All the entries need to be duplicated exactly, with the pictures omitted.
### RECORDS FOR THIS TASK
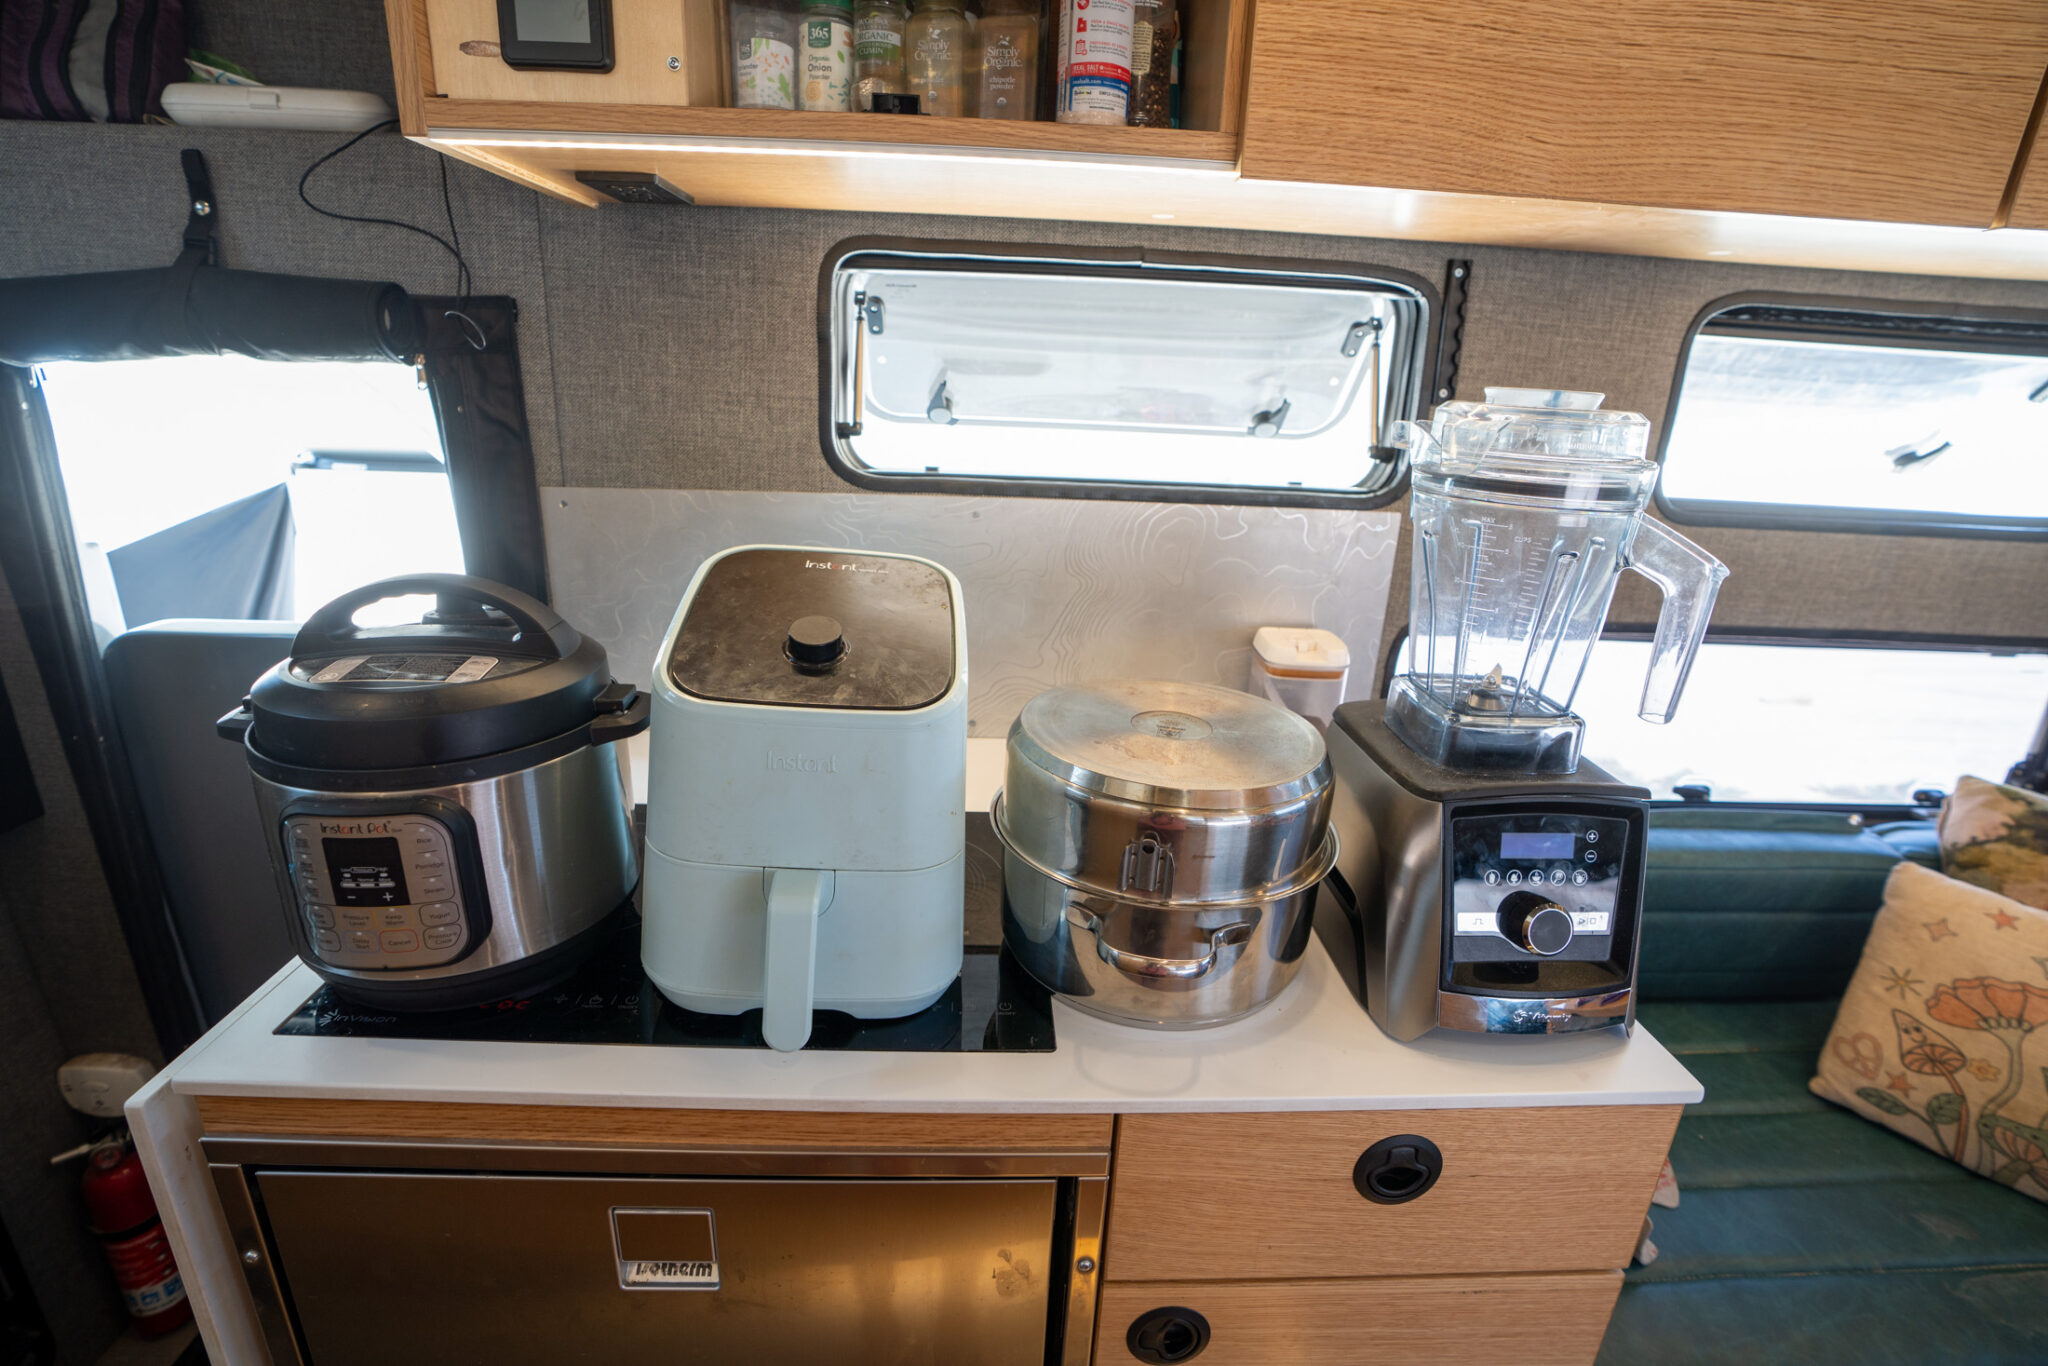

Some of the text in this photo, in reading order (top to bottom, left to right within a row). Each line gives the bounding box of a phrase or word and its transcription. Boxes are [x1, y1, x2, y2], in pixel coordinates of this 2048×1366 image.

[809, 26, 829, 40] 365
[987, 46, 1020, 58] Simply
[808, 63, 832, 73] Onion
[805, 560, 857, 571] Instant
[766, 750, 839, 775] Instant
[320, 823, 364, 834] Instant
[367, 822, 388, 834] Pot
######
TASK RESULT –
Some of the text in this photo, in reading order (top to bottom, left to right within a row). Each line gives the bounding box of a phrase or word and its transcription. Boxes are [x1, y1, x2, y2], in pixel coordinates of this 2048×1366 image.

[809, 26, 829, 40] 365
[987, 46, 1020, 58] Simply
[808, 63, 832, 73] Onion
[805, 560, 857, 571] Instant
[766, 750, 839, 775] Instant
[320, 823, 364, 834] Instant
[367, 822, 388, 834] Pot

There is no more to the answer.